| Task prompt |
If you see a picture in the data below, omit it and copy the rest exactly.

| Task input |
____

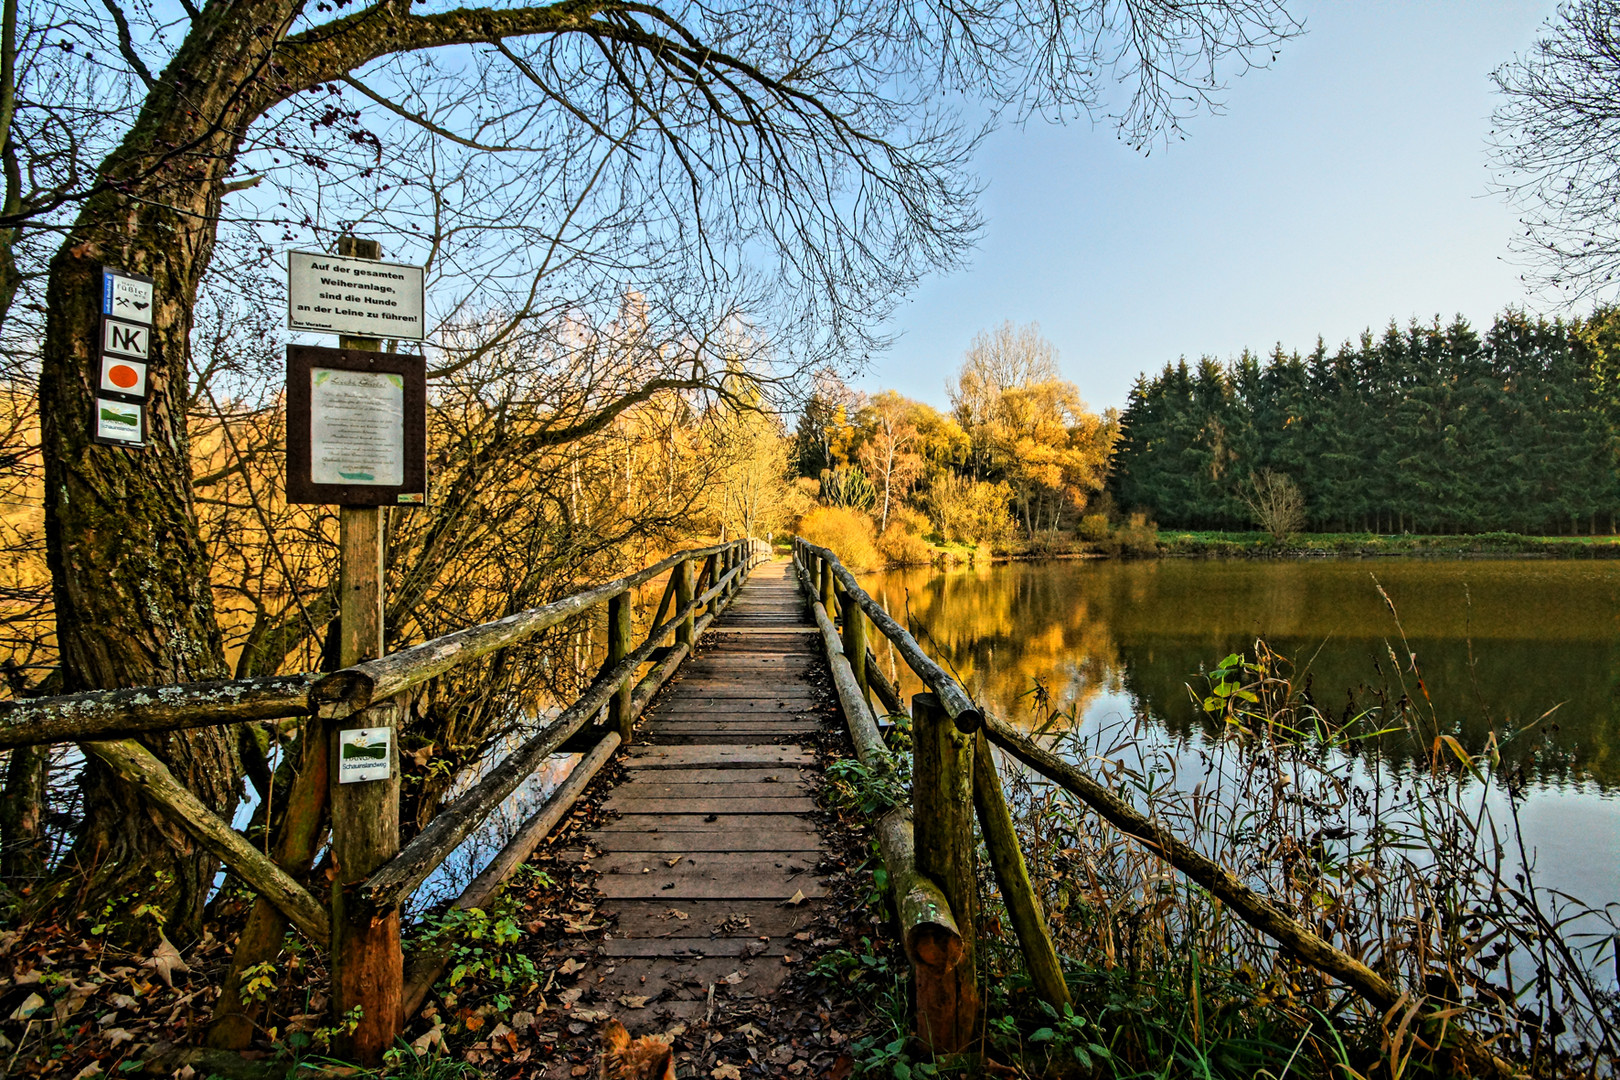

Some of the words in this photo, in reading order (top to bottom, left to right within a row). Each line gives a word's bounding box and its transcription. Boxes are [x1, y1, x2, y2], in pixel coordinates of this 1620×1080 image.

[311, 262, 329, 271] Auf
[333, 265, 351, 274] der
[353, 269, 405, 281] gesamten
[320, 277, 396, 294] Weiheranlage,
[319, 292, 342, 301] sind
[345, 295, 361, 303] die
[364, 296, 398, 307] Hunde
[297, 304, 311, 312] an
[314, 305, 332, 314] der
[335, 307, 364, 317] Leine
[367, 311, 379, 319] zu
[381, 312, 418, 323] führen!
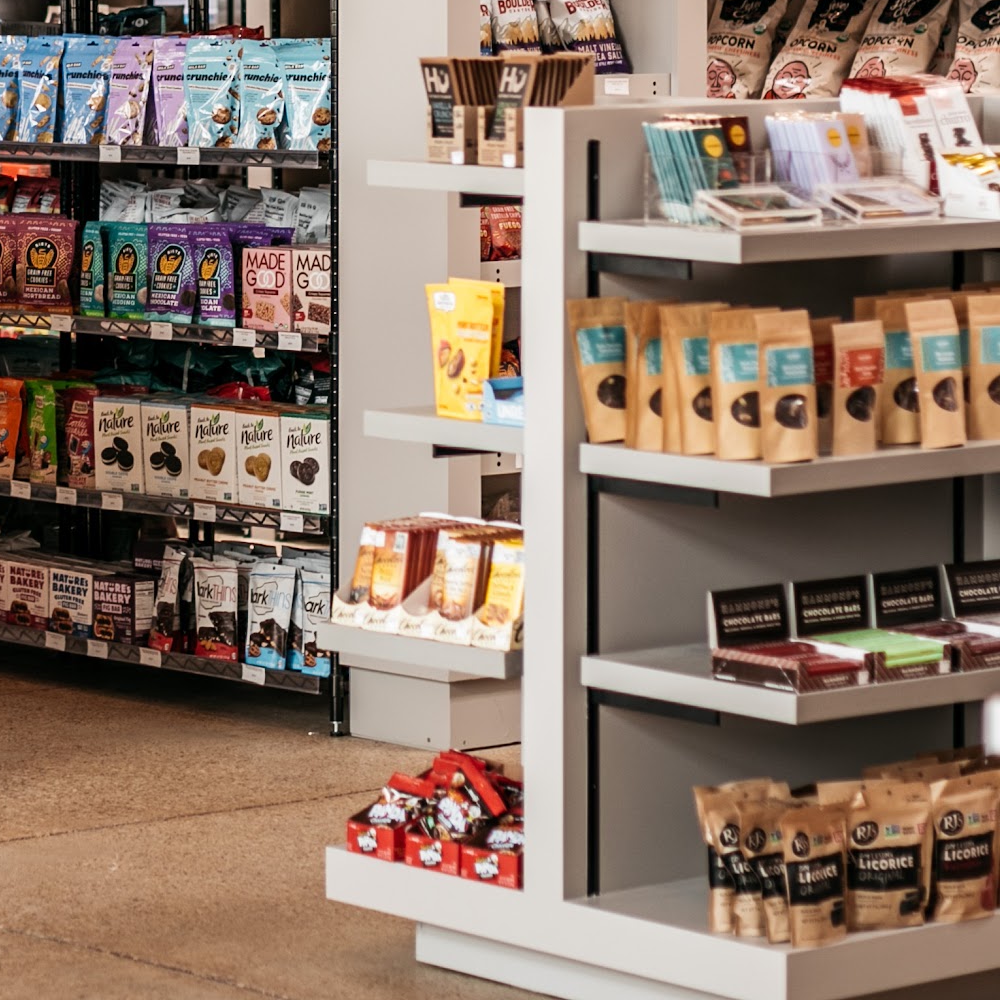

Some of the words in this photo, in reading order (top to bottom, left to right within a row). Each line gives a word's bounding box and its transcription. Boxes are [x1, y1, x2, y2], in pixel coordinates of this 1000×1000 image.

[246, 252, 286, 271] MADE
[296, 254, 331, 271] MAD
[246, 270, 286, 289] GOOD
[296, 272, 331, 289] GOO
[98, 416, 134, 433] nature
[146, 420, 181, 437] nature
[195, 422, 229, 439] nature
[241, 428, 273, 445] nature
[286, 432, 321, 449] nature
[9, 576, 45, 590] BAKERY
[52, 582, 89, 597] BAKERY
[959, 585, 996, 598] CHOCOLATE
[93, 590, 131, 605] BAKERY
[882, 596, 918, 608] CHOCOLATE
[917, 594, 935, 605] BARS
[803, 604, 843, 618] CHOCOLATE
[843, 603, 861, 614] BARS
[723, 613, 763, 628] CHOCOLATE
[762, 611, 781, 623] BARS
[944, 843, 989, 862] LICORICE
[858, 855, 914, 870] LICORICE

____

| Exercise answer |
Some of the words in this photo, in reading order (top to bottom, left to right within a row). Each line gives a word's bounding box and its transcription. Boxes are [x1, y1, x2, y2], in pixel coordinates of this 1620×1080 image.

[311, 262, 329, 271] Auf
[333, 265, 351, 274] der
[353, 269, 405, 281] gesamten
[320, 277, 396, 294] Weiheranlage,
[319, 292, 342, 301] sind
[345, 295, 361, 303] die
[364, 296, 398, 307] Hunde
[297, 304, 311, 312] an
[314, 305, 332, 314] der
[335, 307, 364, 317] Leine
[367, 311, 379, 319] zu
[381, 312, 418, 323] führen!

Some of the words in this photo, in reading order (top to bottom, left to right within a row). Each line gives a word's bounding box and its transcription. Boxes are [x1, y1, x2, y2], in pixel coordinates of this 1000×1000 image.

[246, 252, 286, 271] MADE
[296, 254, 331, 271] MAD
[246, 270, 286, 289] GOOD
[296, 272, 331, 289] GOO
[98, 416, 134, 433] nature
[146, 420, 181, 437] nature
[195, 422, 229, 439] nature
[241, 428, 273, 445] nature
[286, 432, 321, 449] nature
[9, 576, 45, 590] BAKERY
[52, 582, 89, 597] BAKERY
[959, 585, 996, 598] CHOCOLATE
[93, 590, 131, 605] BAKERY
[882, 596, 918, 608] CHOCOLATE
[917, 594, 935, 605] BARS
[803, 604, 843, 618] CHOCOLATE
[843, 603, 861, 614] BARS
[723, 613, 763, 628] CHOCOLATE
[762, 611, 781, 623] BARS
[944, 843, 989, 862] LICORICE
[858, 855, 914, 870] LICORICE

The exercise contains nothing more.